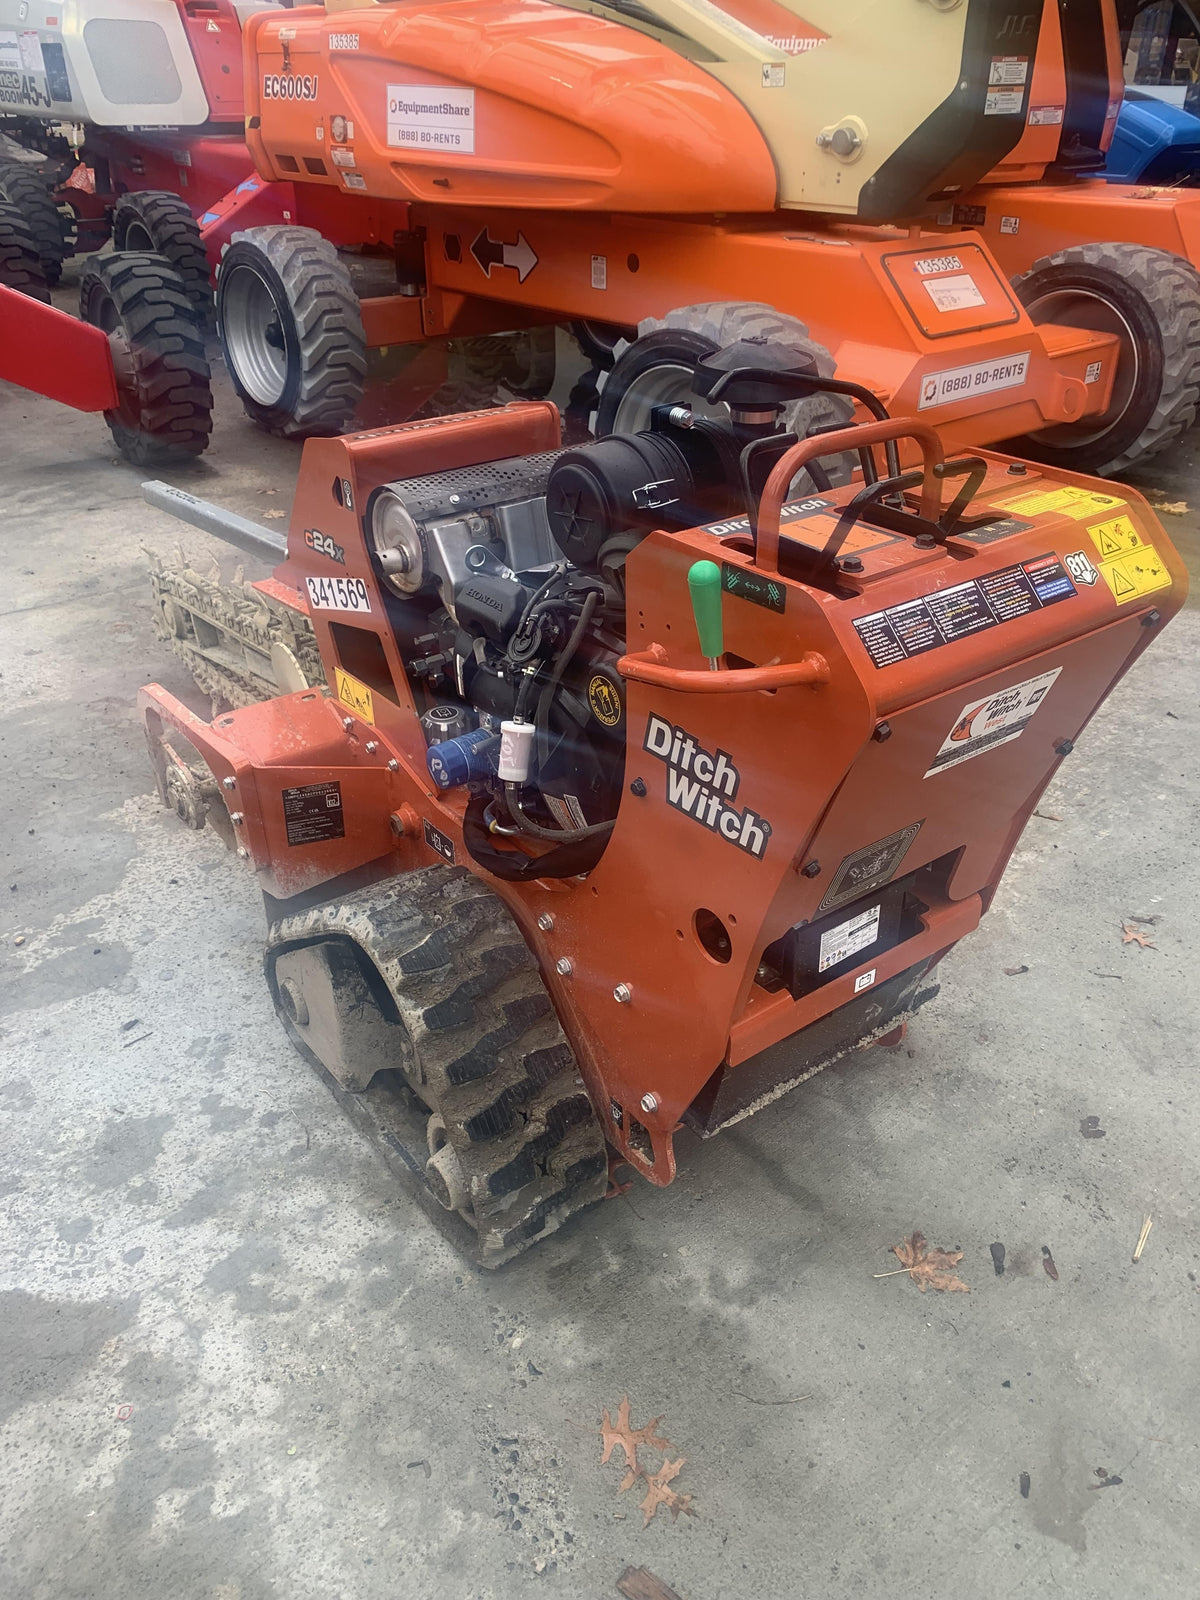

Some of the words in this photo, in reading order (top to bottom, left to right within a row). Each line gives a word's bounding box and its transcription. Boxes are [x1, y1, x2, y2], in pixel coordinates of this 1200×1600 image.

[329, 34, 359, 49] 135385
[263, 75, 318, 100] EC600SJ
[398, 101, 470, 116] EquipmentShare
[398, 130, 418, 142] (888)
[420, 132, 461, 145] 80-RENTS
[917, 256, 962, 274] 135385
[942, 376, 971, 395] (888)
[974, 363, 1024, 386] 80-RENTS
[1066, 553, 1092, 576] 811
[307, 578, 369, 610] 341569
[465, 588, 504, 613] HONDA
[985, 690, 1021, 713] Ditch
[986, 699, 1022, 721] Witch
[647, 717, 737, 796] Ditch
[669, 767, 765, 855] Witch
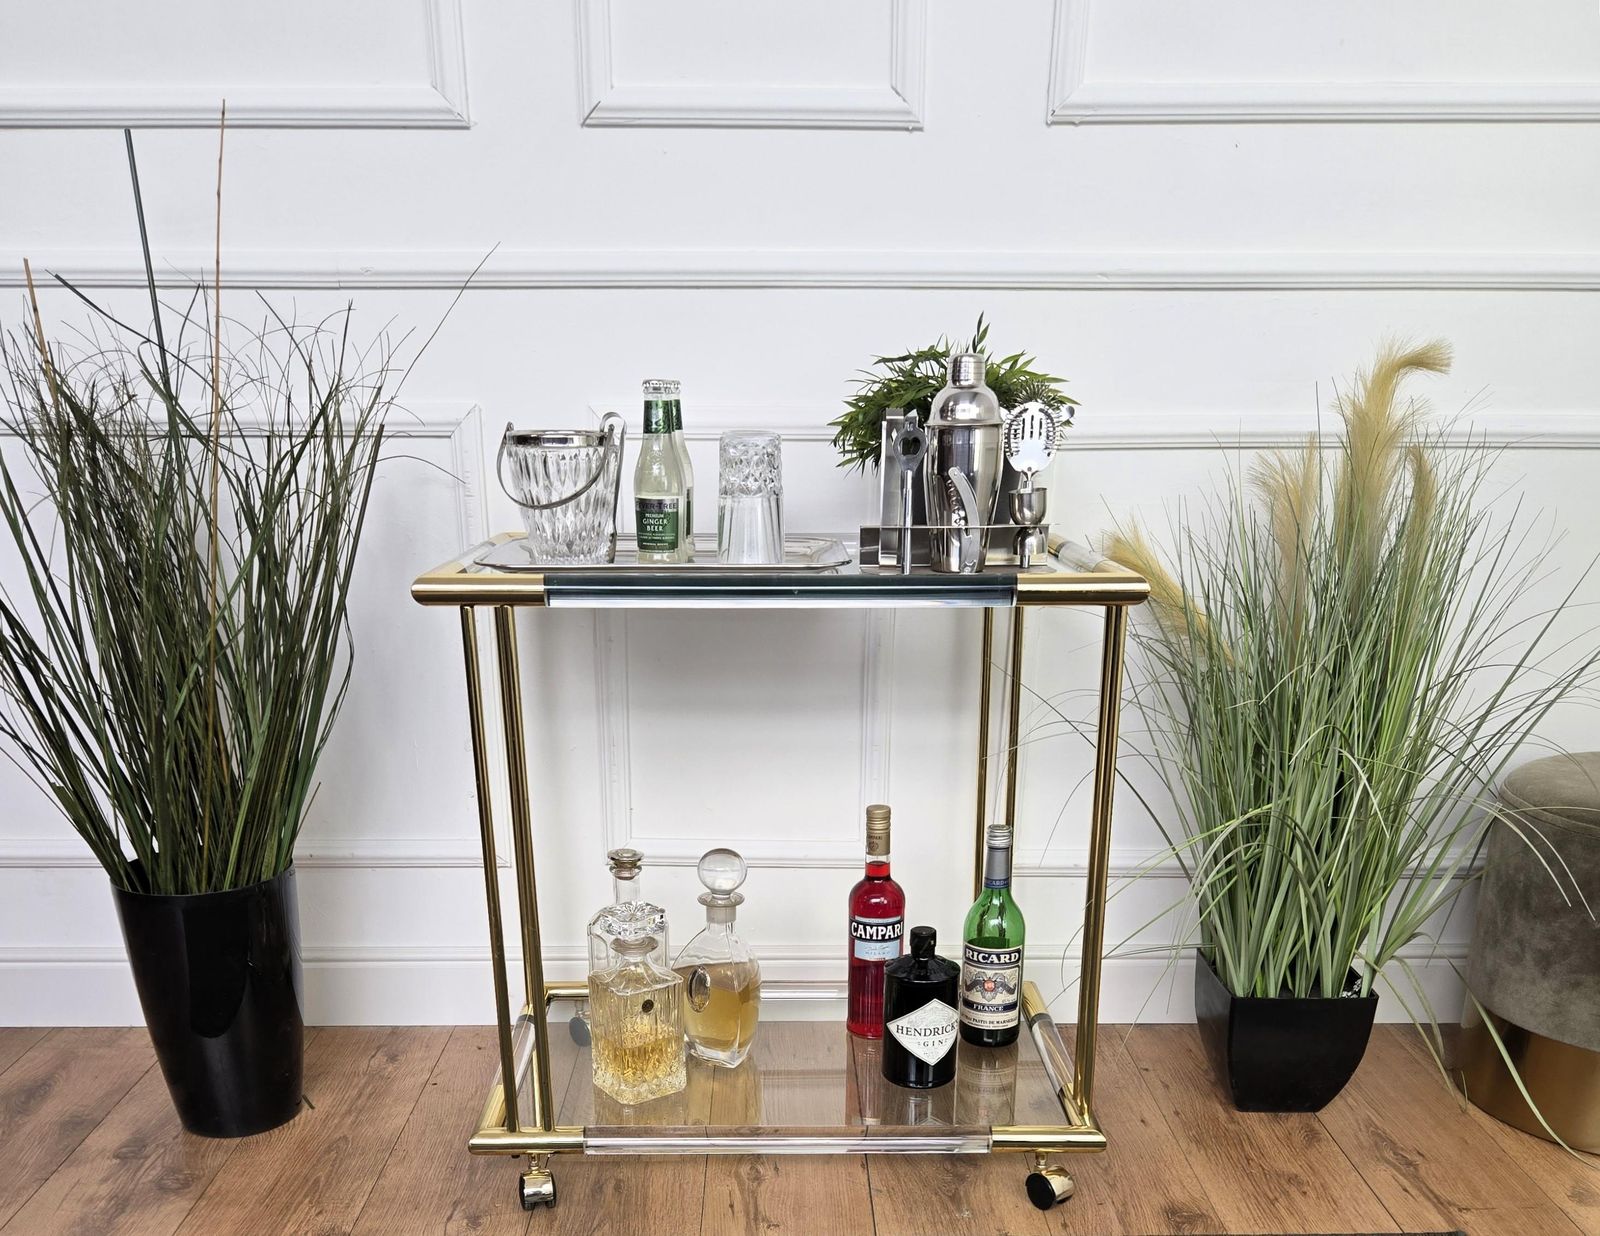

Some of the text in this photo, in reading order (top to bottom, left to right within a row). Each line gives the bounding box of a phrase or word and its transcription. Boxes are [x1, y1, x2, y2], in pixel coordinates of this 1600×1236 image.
§
## WHAT YOU SHOULD DO
From the data above, write out everything exactly except the pictures.

## ANSWER AREA
Some of the words in this photo, in reading order (top to bottom, left to right within a row). Each line gives a word's bounding box and its transcription. Boxes are [x1, y1, x2, y2], in pixel coordinates of this 1200×1600 image.

[329, 34, 359, 49] 135385
[263, 75, 318, 100] EC600SJ
[398, 101, 470, 116] EquipmentShare
[398, 130, 418, 142] (888)
[420, 132, 461, 145] 80-RENTS
[917, 256, 962, 274] 135385
[942, 376, 971, 395] (888)
[974, 363, 1024, 386] 80-RENTS
[1066, 553, 1092, 576] 811
[307, 578, 369, 610] 341569
[465, 588, 504, 613] HONDA
[985, 690, 1021, 713] Ditch
[986, 699, 1022, 721] Witch
[647, 717, 737, 796] Ditch
[669, 767, 765, 855] Witch

Some of the text in this photo, in reading order (top to bottom, left to right within a row). Each line gives the bounding box of a phrase or word and its transcription. Boxes are [x1, y1, x2, y2], in pixel coordinates of this 1600×1236 image.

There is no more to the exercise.